This was a light news week in SF biotech, but it still flew by, as we get ready to make some small media biz news at our own little startup here on Monday. Stay tuned.
—South San Francisco-based Genentech said its hit drug for eye diseases, ranibizumab (Lucentis) passed the second big pivotal trial in patients with diabetic macular edema. This is important not just to patients with a common condition that impairs vision, but it could help Genentech offset some of the sales it may lose if more patients with macular degeneration switch to a cheap, low-dose form of bevacizumab (Avastin) as an alternative.
—Gilead Sciences (NASDAQ: GILD) said this week it has agreed to sponsor cancer research at Yale University in a deal that could be worth as much as $100 million over a 10-year period to the university. It’s the latest big bet on cancer by Foster City, CA-based Gilead, which agreed in February to pay as much as $600 million to buy Calistoga Pharmaceuticals, a cancer drug developer on the verge of pivotal studies.

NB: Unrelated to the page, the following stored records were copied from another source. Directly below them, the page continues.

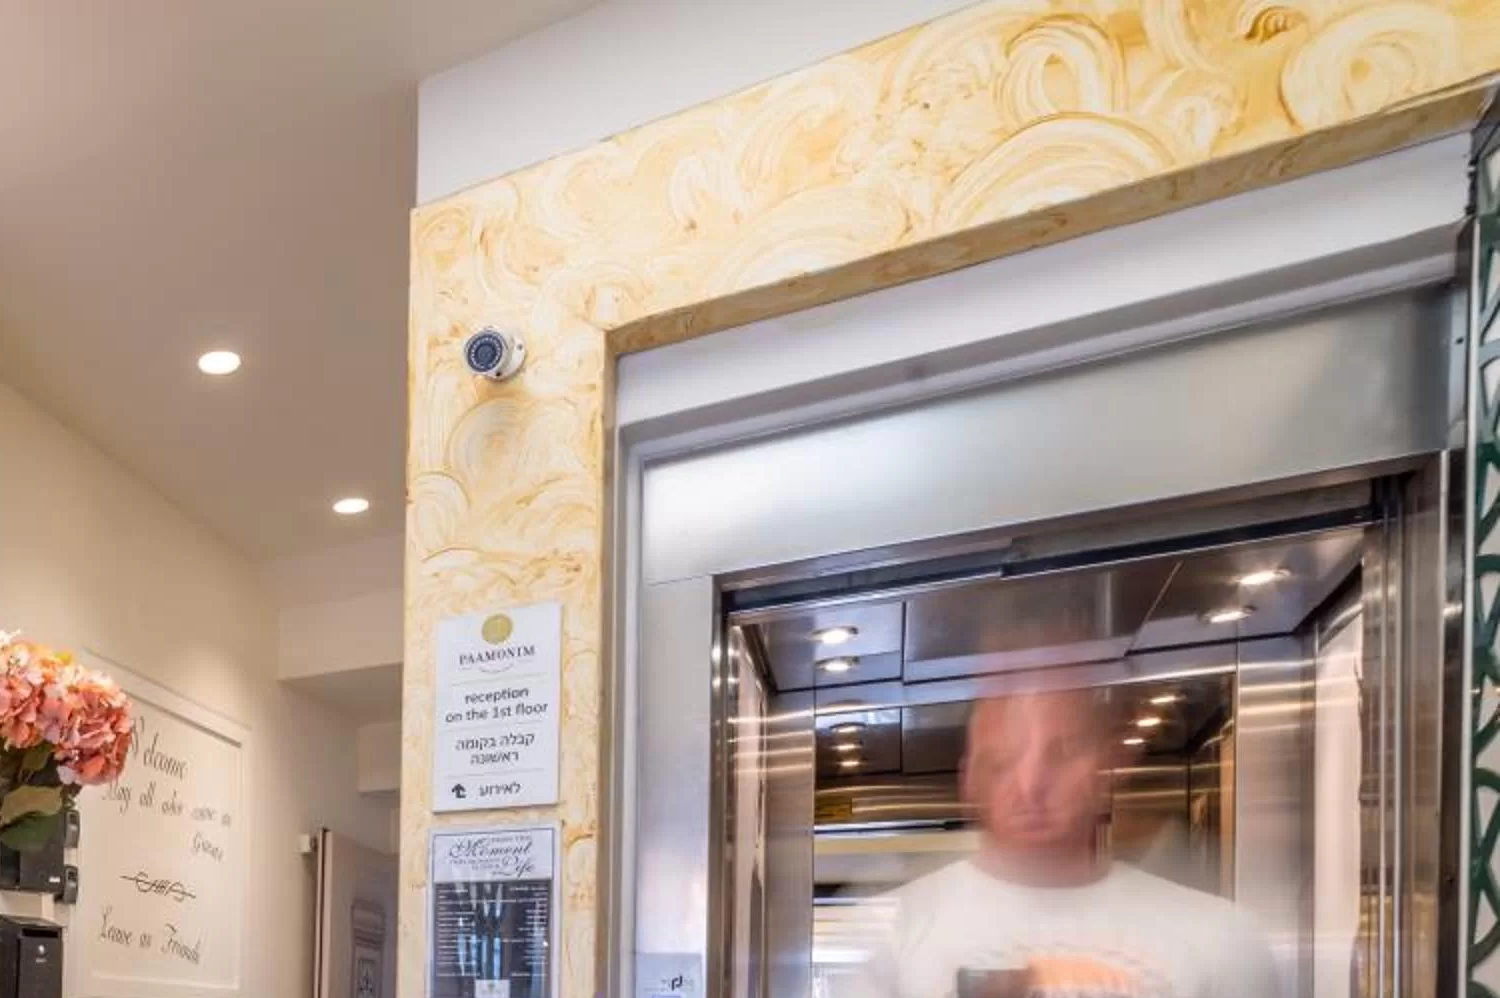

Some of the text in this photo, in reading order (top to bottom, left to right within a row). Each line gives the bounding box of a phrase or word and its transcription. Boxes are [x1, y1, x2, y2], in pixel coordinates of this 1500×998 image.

[458, 644, 536, 666] PAAMONIM
[464, 687, 529, 704] reception
[445, 701, 548, 723] on the 1st floor
[455, 732, 535, 751] קבלה בקומה
[469, 751, 519, 765] ראשונה
[479, 781, 521, 796] לאירוע
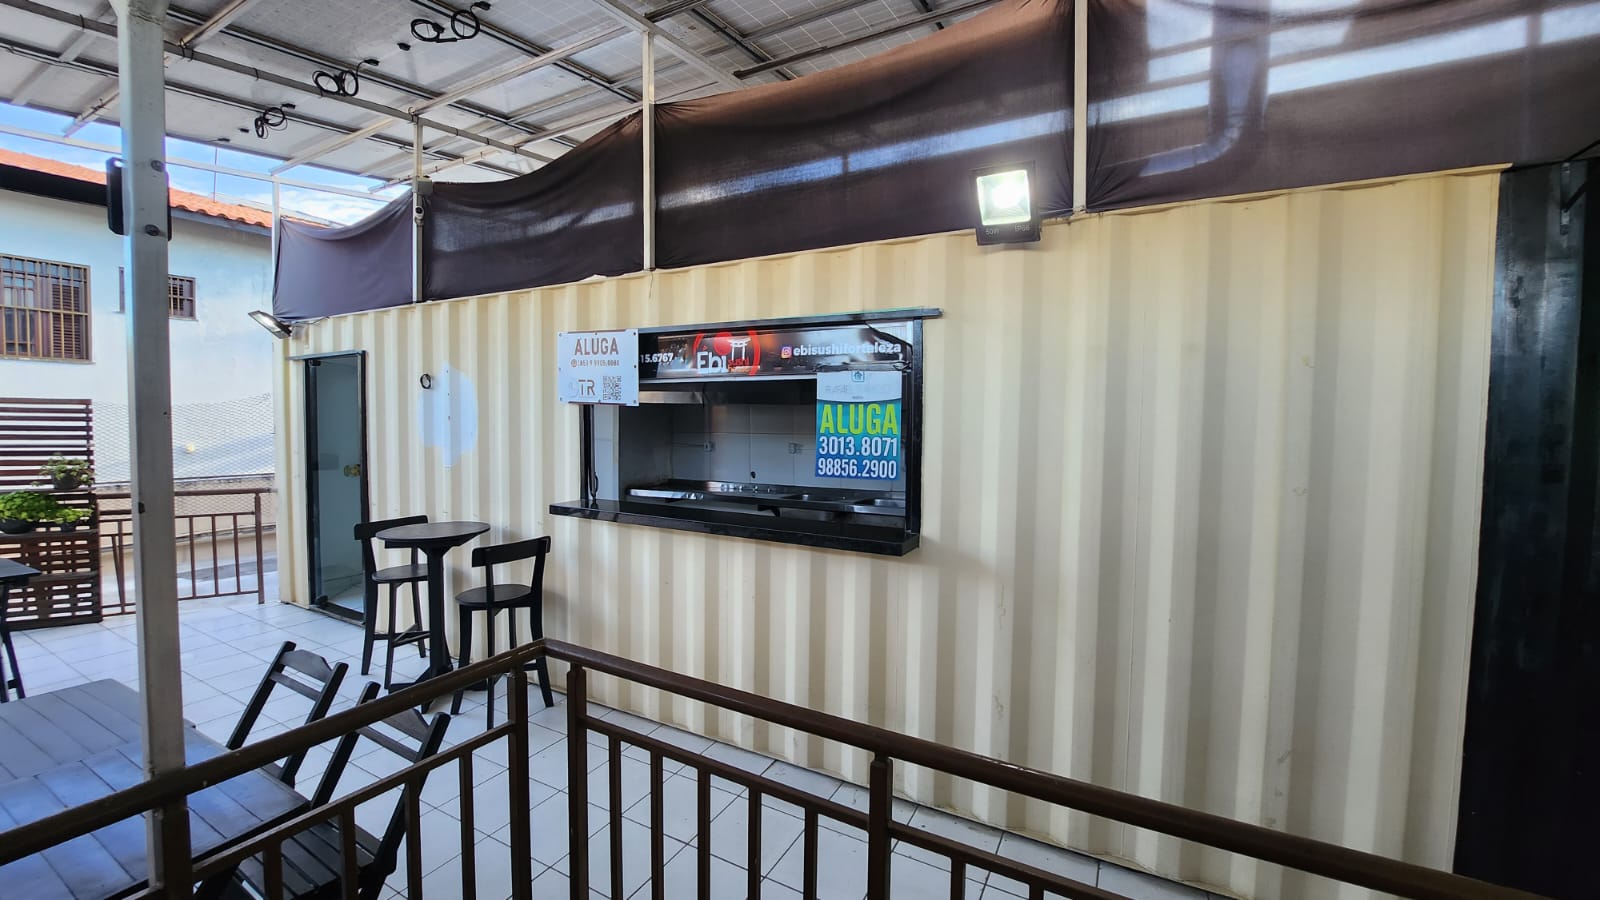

—In this week’s installment of the BioBeat column, I argued that Big Pharma has been its own worst enemy through its penchant for mega-mergers that make it next to impossible to foster innovation.
—With all the talk about the crisis in venture capital, I’ve been thinking a bit lately about whether angels might somehow find a new niche in biotech financing. Angels, as Morgenthaler Ventures’ Bob Pavey points out in this guest editorial, have always played a role in backing new businesses, and they are particularly visible now in tech startups that can really run lean and mean in the cloud computing era. Biotech drug development has traditionally taken too long and cost too much for angels to play a serious role, but I wonder if readers see ways for angels to get in here now.